The Bureau of Customs was programmed to collect P661 billion this year, P731 billion next year, P813 billion in 2021, and P900 billion in 2022.
Overall, tax revenues are seen to hit P2.995 trillion this year, P3.332 trillion next year, P3.754 trillion in 2021, and P4.217 trillion in 2022.
Non-tax collections, meanwhile, are seen to hit P192 billion this year, P201 billion next year, P196.976 billion in 2021 and P196.179 billion in 2022.
Revenues would be sourced from Packages 1A, 1B and 2 Plus of the state’s Comprehensive Tax Reform Program, as well as the fuel-marking program.
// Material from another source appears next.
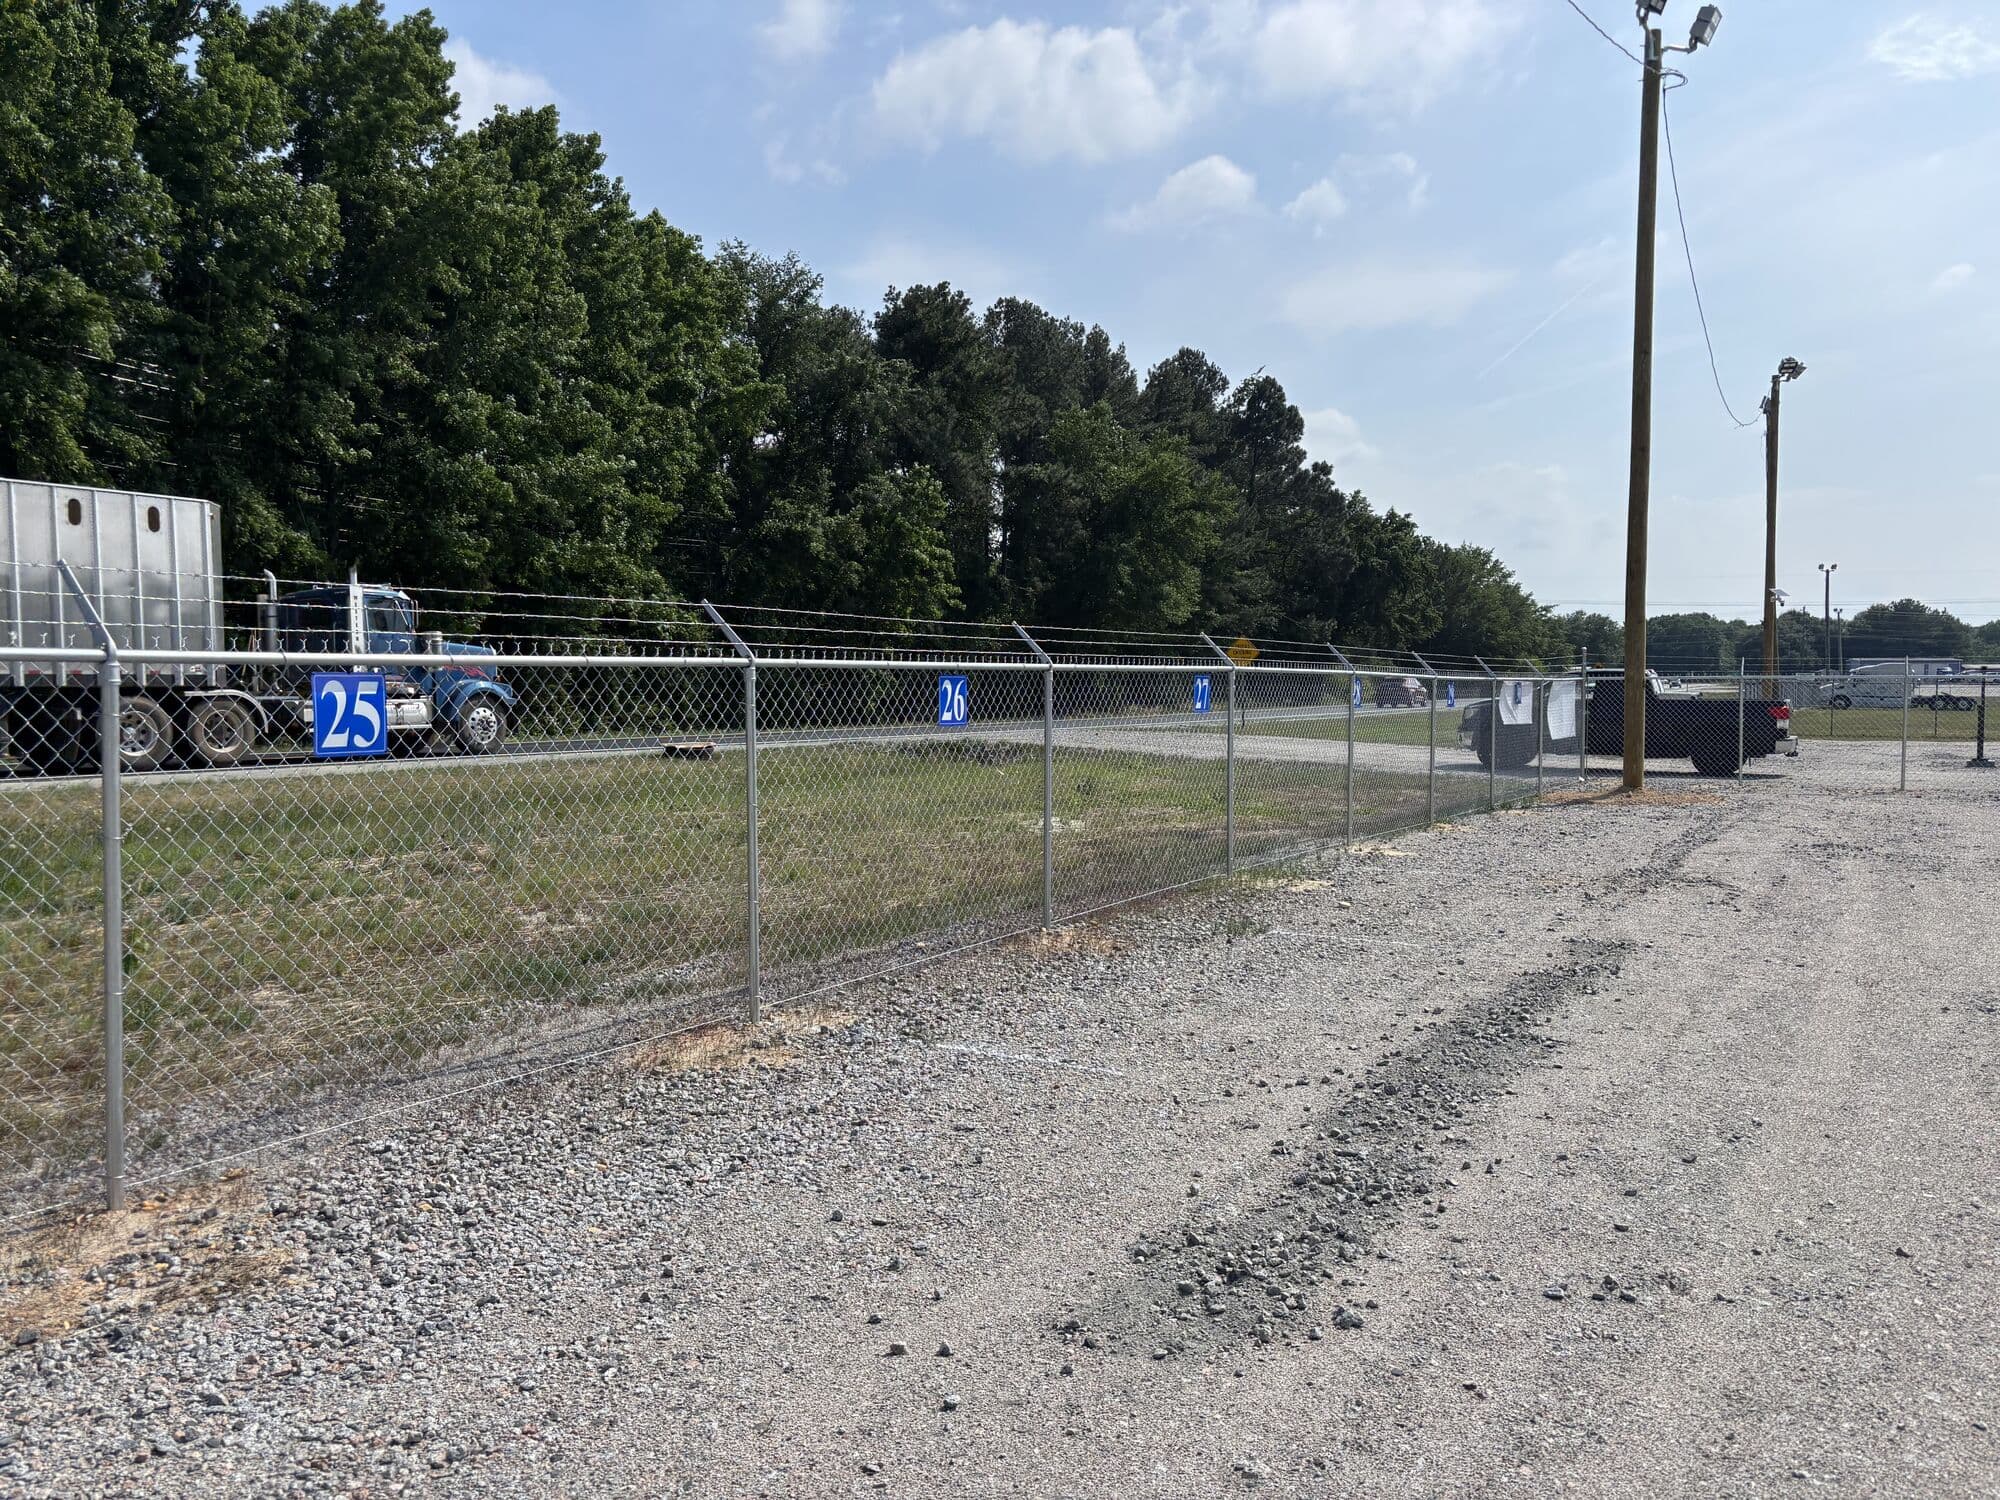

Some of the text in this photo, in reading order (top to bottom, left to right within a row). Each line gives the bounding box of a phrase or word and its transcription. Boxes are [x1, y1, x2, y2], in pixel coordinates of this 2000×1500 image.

Package 1A — better known as Republic Act 10963 or the Tax Reform for Acceleration and Inclusion (Train) Act, implemented at the start of 2018 — exempts those earning annual taxable incomes of P250,000 and below from paying personal income taxes.
In exchange, excise taxes on certain products, including fuel, automobiles, sugar-sweetened beverages and non-essential cosmetic procedures, were raised.
Package 1B proposes adjustments to the Motor Vehicle Users Charge, while Package 2 Plus — or Republic Act 11346, which President Rodrigo Duterte signed on July 25 — imposes higher taxes on cigarettes and a new tax on e-cigarettes and other alternative devices for smoking.
Launched in February, the fuel-marking program is designed to check oil smuggling by marking imported and refined gasoline, diesel and kerosene using a covert and sophisticated marking and testing technology. This is to ensure that all downstream fuels are tax- and duty- paid.